Yet if this project was conceived as a collaboration, connecting the artistic skills, ideas and imagination of Constant with the technical knowledge of the architect, it could have produced something of note for all of society.

Seemingly isolation culminates in closed and brittle constructions; any oversight subjected to relentless judgement to such an extent that the credibility is shaken, enough to render the entire project obsolete. The project lacked a foundation, a point of reference to validate its aims: the knowledge of the architect.

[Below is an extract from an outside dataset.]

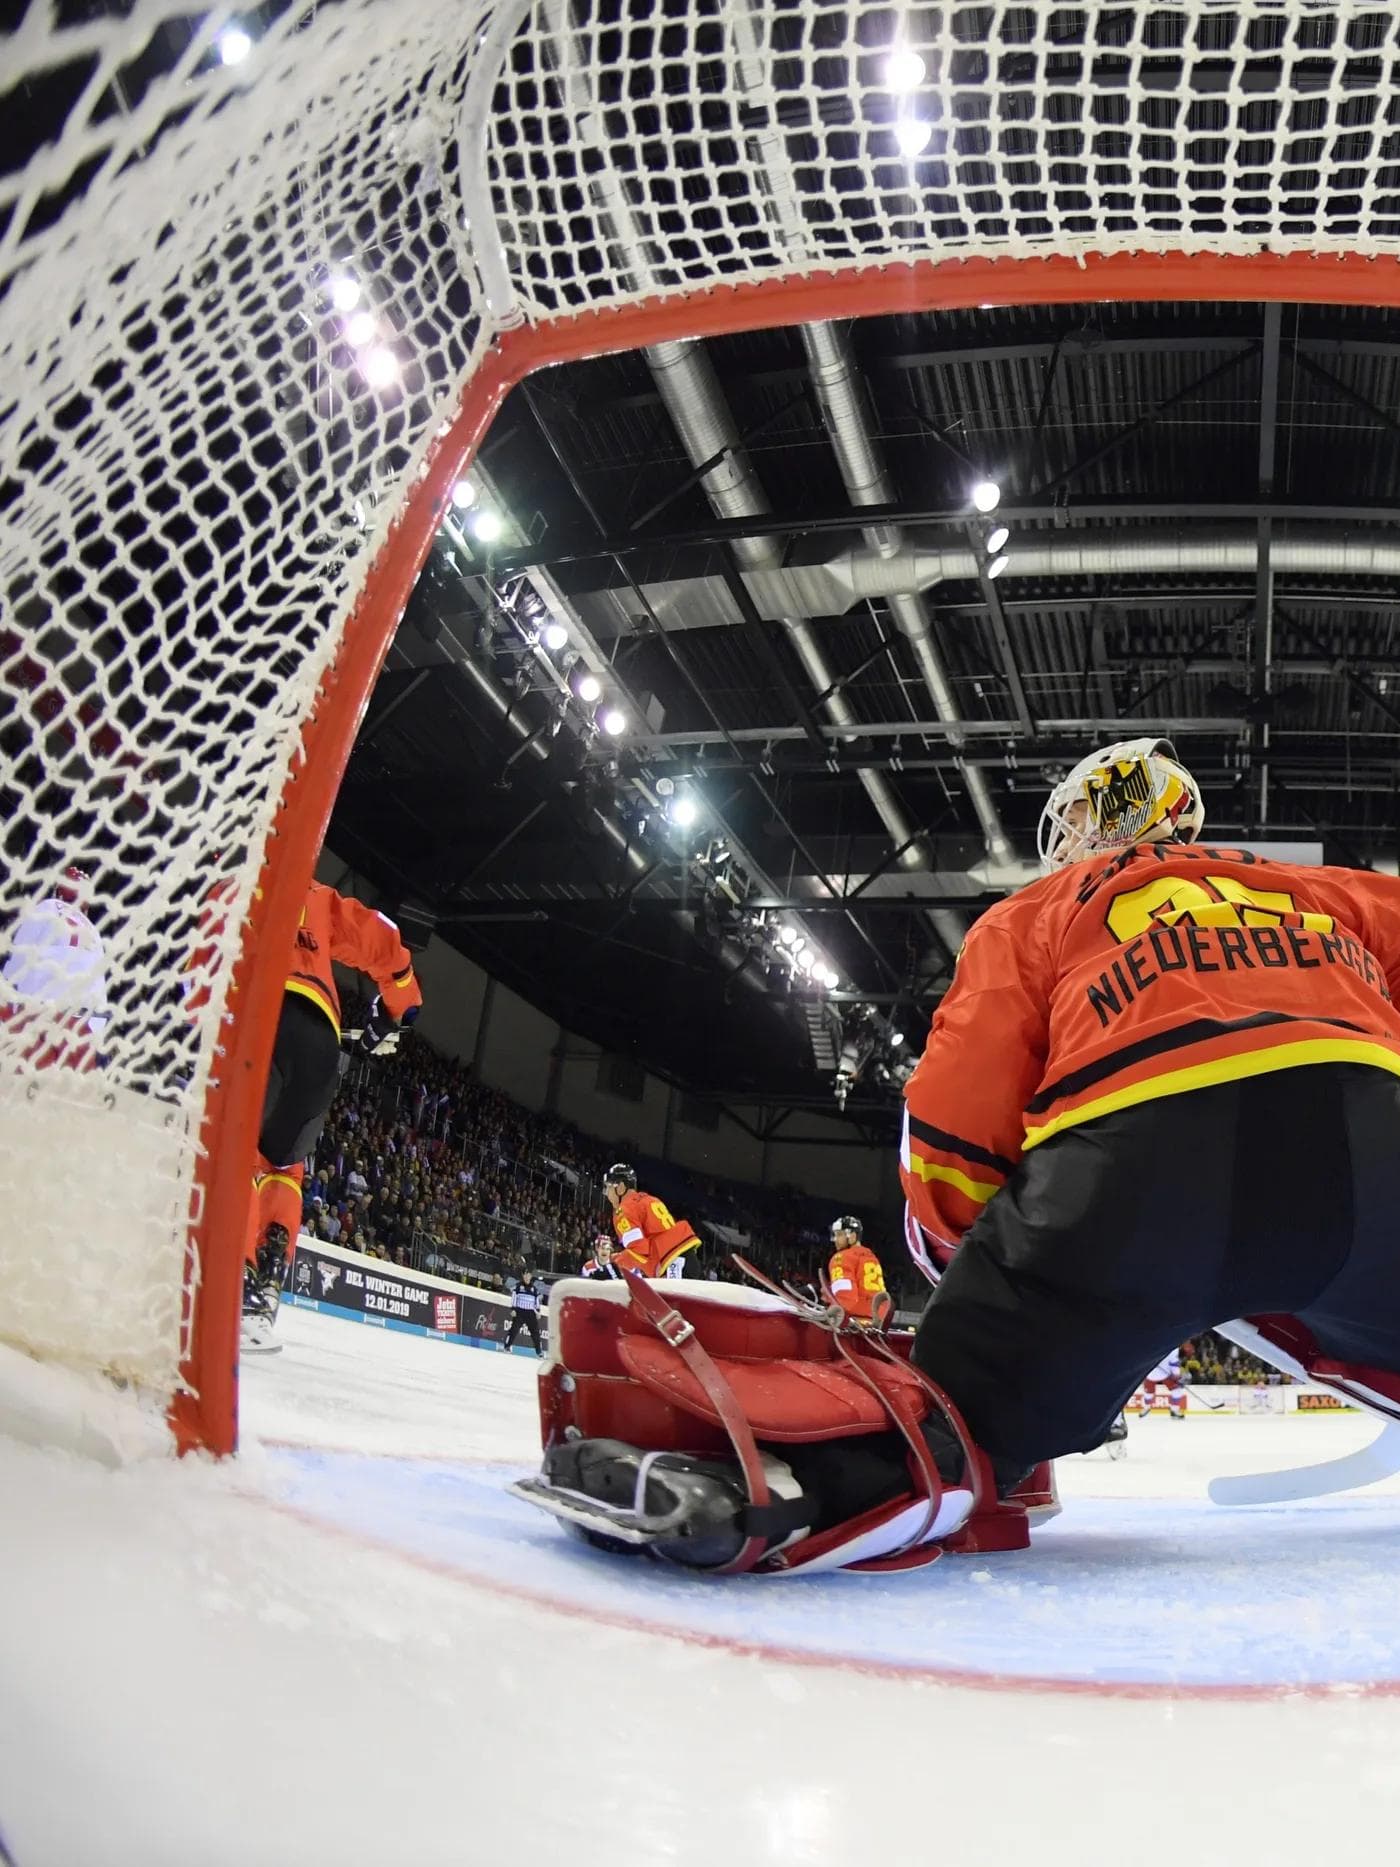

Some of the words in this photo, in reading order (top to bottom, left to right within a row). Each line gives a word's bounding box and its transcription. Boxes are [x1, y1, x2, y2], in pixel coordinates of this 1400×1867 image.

Therefore it becomes apparent that architects still have a part to play, even when subjected to participative restraints. Descartes belief in the dissolution of the architects integrity through participation is, in my opinion, flawed. Any architect that sets prescribed limits to their field of operation runs the risk of irrelevance in their social objectives. Nothing of note can be achieved in the isolation of the profession, simply resulting in the reinforcement of its own stasis. Fundamentally, it must become apparent that nothing conceived in a vacuum can survive once exposed to conditions it has denied are there27. Therefore, architects must surrender their autonomy and prevent the expediency of architecture by facilitating a return to social values in the design process that resonate with the participants concerns.

If architecture is to be progressive and forward thinking, it must embrace participation and step out from the protection of its autonomy to engage with new ideas. If architecture can learn to harness a method of design that is networked and receptive, rather than contrary and secluded, it will actually be able to be creative, discursively constructive, and projective in concert.28

Conflict [in]Formation

Participation is not simply conditioned by the notion that it is primarily a form of ‘agora’ that gathers people to make a collective decision29. The values that participation bring forward present an opportunity for the implementation of design, not a threat; an opportunity to share a collective knowledge that can define the nature of architecture and subsequently reinvigorate the design process30. It must represent a dialogue about differences, and about difference as the catalyst for creation, even if this ultimately leads to confrontation29. It must therefore be understood that any form of participation is fundamentally a form of

27 Bauman, Modernity and Ambivalence, p.82.28 Patt, T. The Collective Image: Form, Figure and the Future, p. 145.29 Querrien, A. How inhabitants can become collective developers, in Blundell Jones, P. Petrescu, D. & Till, J. (ed.) Architecture and Participation. (London and New York: Spon Press. 2005), p. 114.30 Till, J. The negotiation of hope, in Blundell Jones, P. Petrescu, D. & Till, J. (ed.) Architecture and Participation.(London and New York: Spon Press. 2005), p. 34.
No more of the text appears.